Gettin’ hit by the culture stick.

(For starters, we will discuss Matt Wertz’s new album tomorrow [oh yes we will] because it is a beautiful piece of work.)

For today, I want to tell you about Adam and Wes and M&Ms and the Belcourt Theater.

I’m going to use Adam and Wes’s real names because you are going to totally be impressed with them by the end of this post and they are both single and I would love nothing more than two cultured single ladies to snatch these boys up due to the fact that I blogged about their high brow ways.

[They’re gonna kill me.]

Lyndsay and I deeply desire to be cultured and do artistic things around town. Adam and Wes have the same desire- they just actually DO the things. They are smart and fun and funny and kind and creative and they like to read and they love God and they are two of the dearest men in the world.

So over the weekend, I begged and pleaded for the boys to let me tag along to the Belcourt Theater where they are playing a series of Southern films. And, to be real honest, I actually selected the film we chose to see. [So what I’m saying is that I’m actually swinging the culture stick on this one.] I flipped through the options, reading the synopsis, and thought “The Sun Shines Bright” sounded like a great story.

The boys agreed.

So we found ourselves Tuesday night sitting boy / girl / boy in an almost empty movie theater [probably forty folks max], with a share size bag of M&Ms.
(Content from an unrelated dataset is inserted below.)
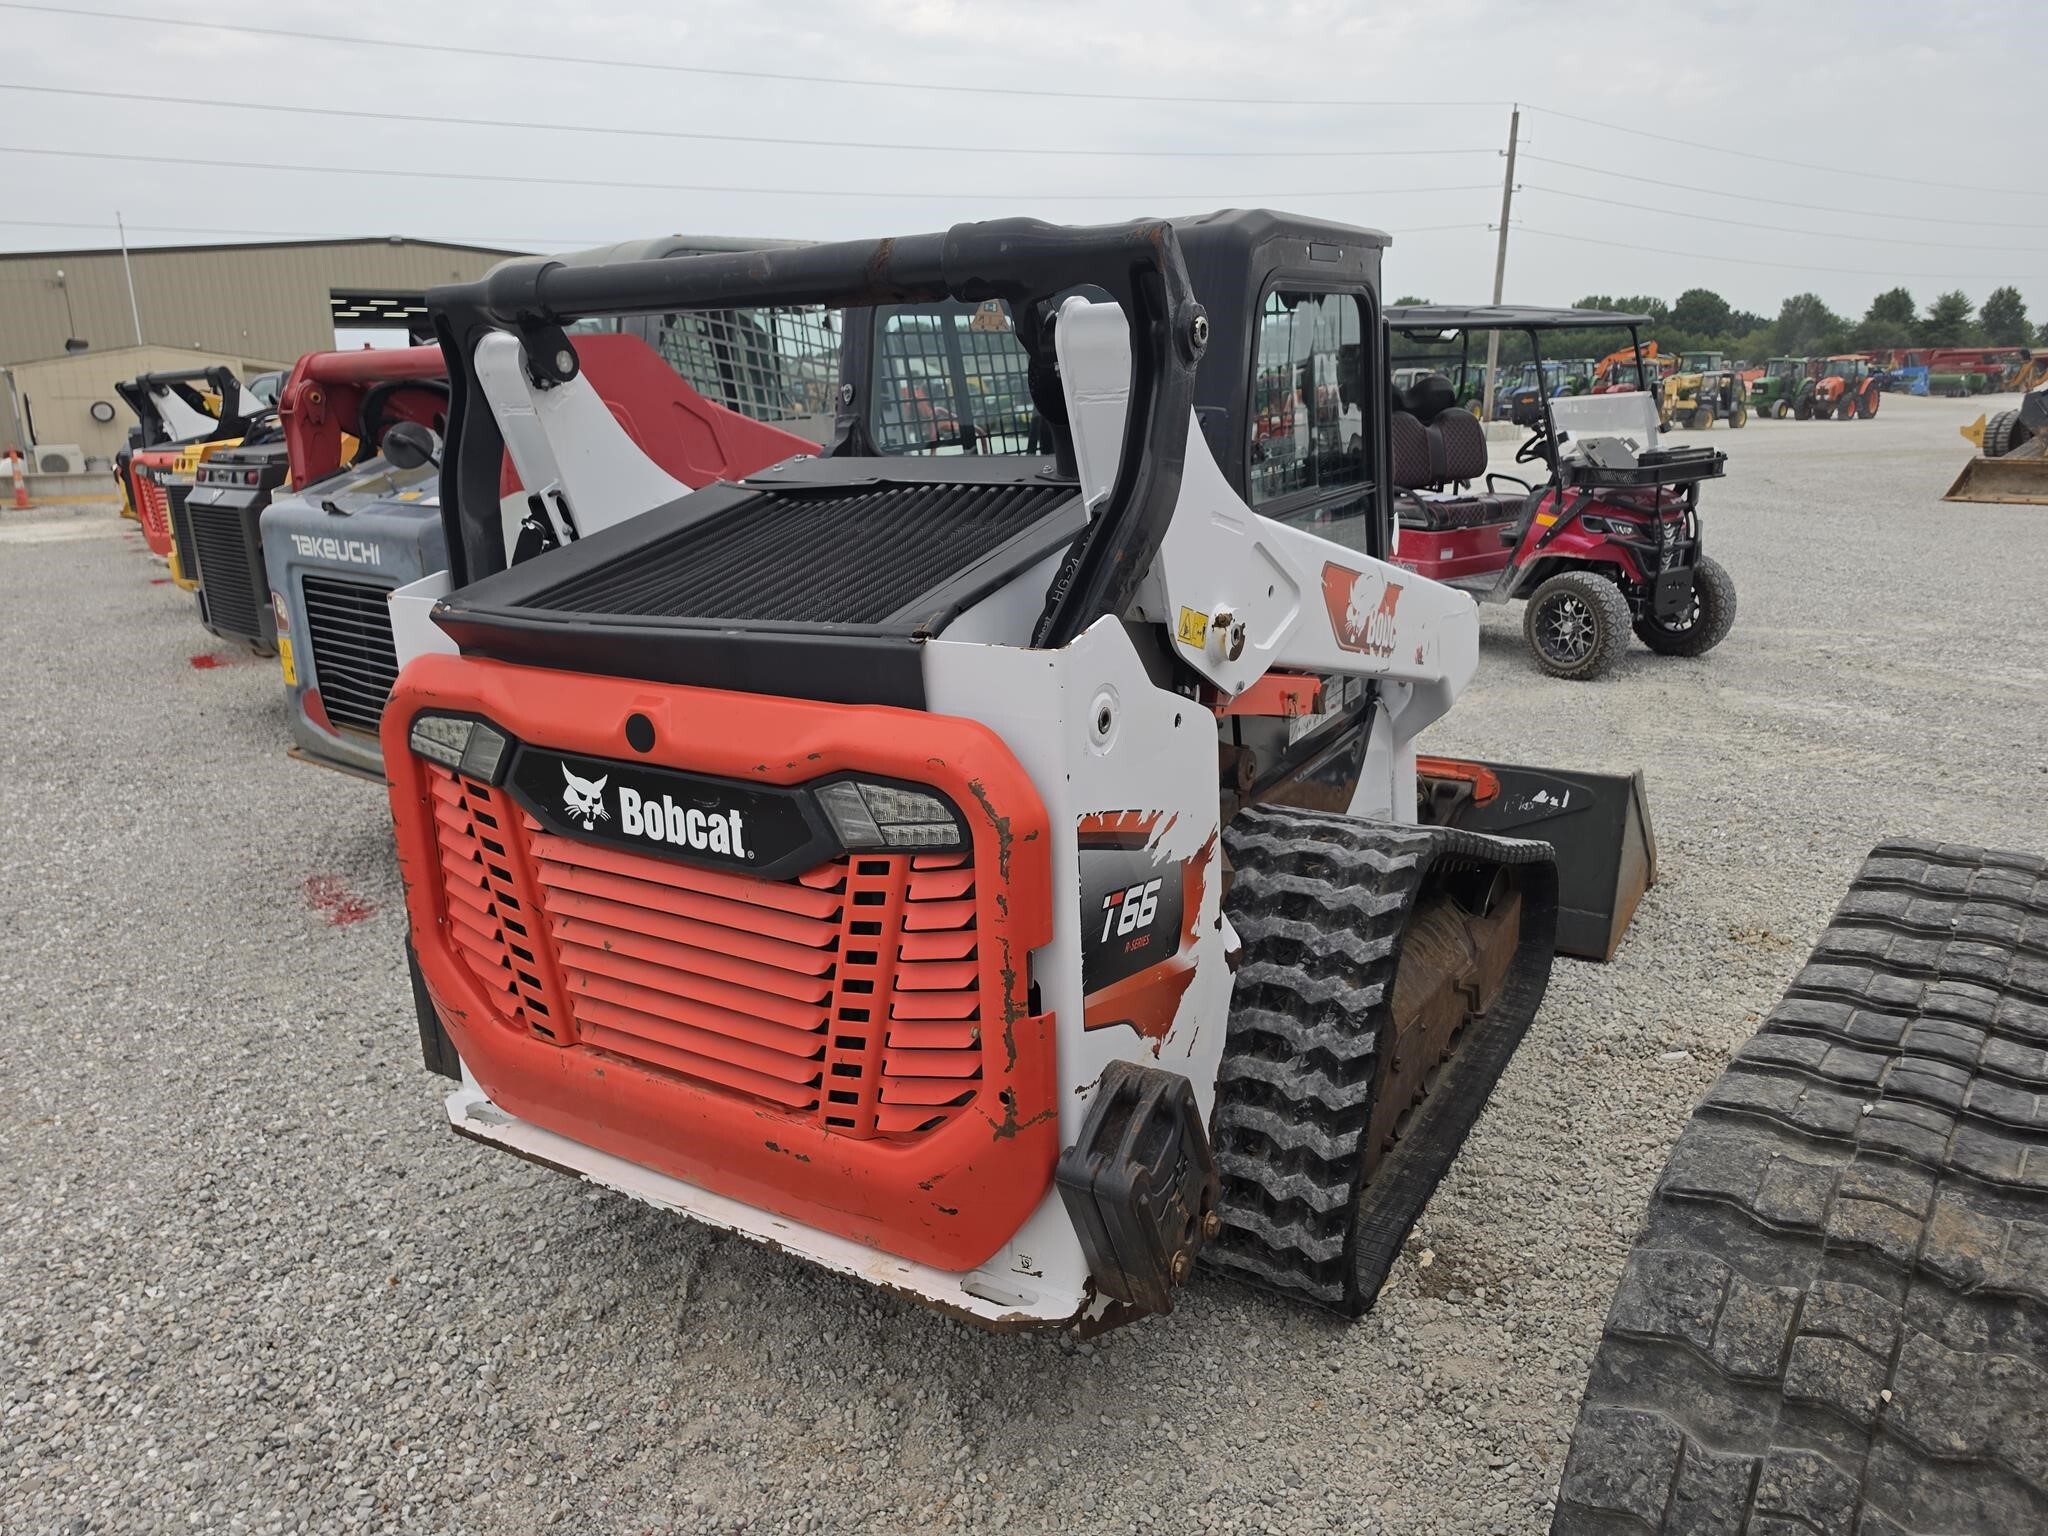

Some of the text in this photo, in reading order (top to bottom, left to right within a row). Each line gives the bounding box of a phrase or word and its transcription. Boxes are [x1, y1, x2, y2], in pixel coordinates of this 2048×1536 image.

[291, 534, 381, 566] TAKEUCHI
[618, 786, 746, 858] Bobcat
[1101, 878, 1162, 943] T66
Then in a moment of pure cultured joy, the film started with the faint clicking sound of the old reels. Not a DVD but the old school film reels. It was amazing.

I haven’t watched a lot of movies set in an early 1900s Southern town. Hearing the characters reminisce about the Civil War, watching the beauty of a community living without social media, and just trying to mentally see the color scheme in a movie that is a black and white film reel- it was such a good time.

[The dresses. I just always wish I could see the color of the dresses. And there were these beautiful lanterns hanging outside during a party- I wanted to see the yellow glow. Sue me.]

At this point in the blog post, my mom and both of my sisters are shaking their fists at the screen because I have long been the Downs Daughter That Does Not Like Old Movies. But there was something different about this. This film sort of felt like a prequel to To Kill A Mockingbird- it had some of the same Southern elements, courthouse stuff, racial focus, and one of those good-guy-to-the-core kind of characters.

Like Adam and Wes… line up, ladies.

[They are literally never going to speak to me again.]

One of my favorite parts of this film is that somehow the actors convinced me that this one little Kentucky town really understands community. And I haven’t even told you about the soundtrack or when Judge Priest risks re-election to give a respectable funeral to a less than respectable woman.

It was a beautiful storyline.

And gosh darn it if I didn’t tear up a little bit when the band played Dixie at the end.

The best part? Seeing that old movie didn’t make me “cultured” per say, but it sure makes me appreciate a culture that used to be.

Great movie. Great friends. Great candy.

I loved it.

. . . . . .

Do you have a favorite old movie? Share on, friend.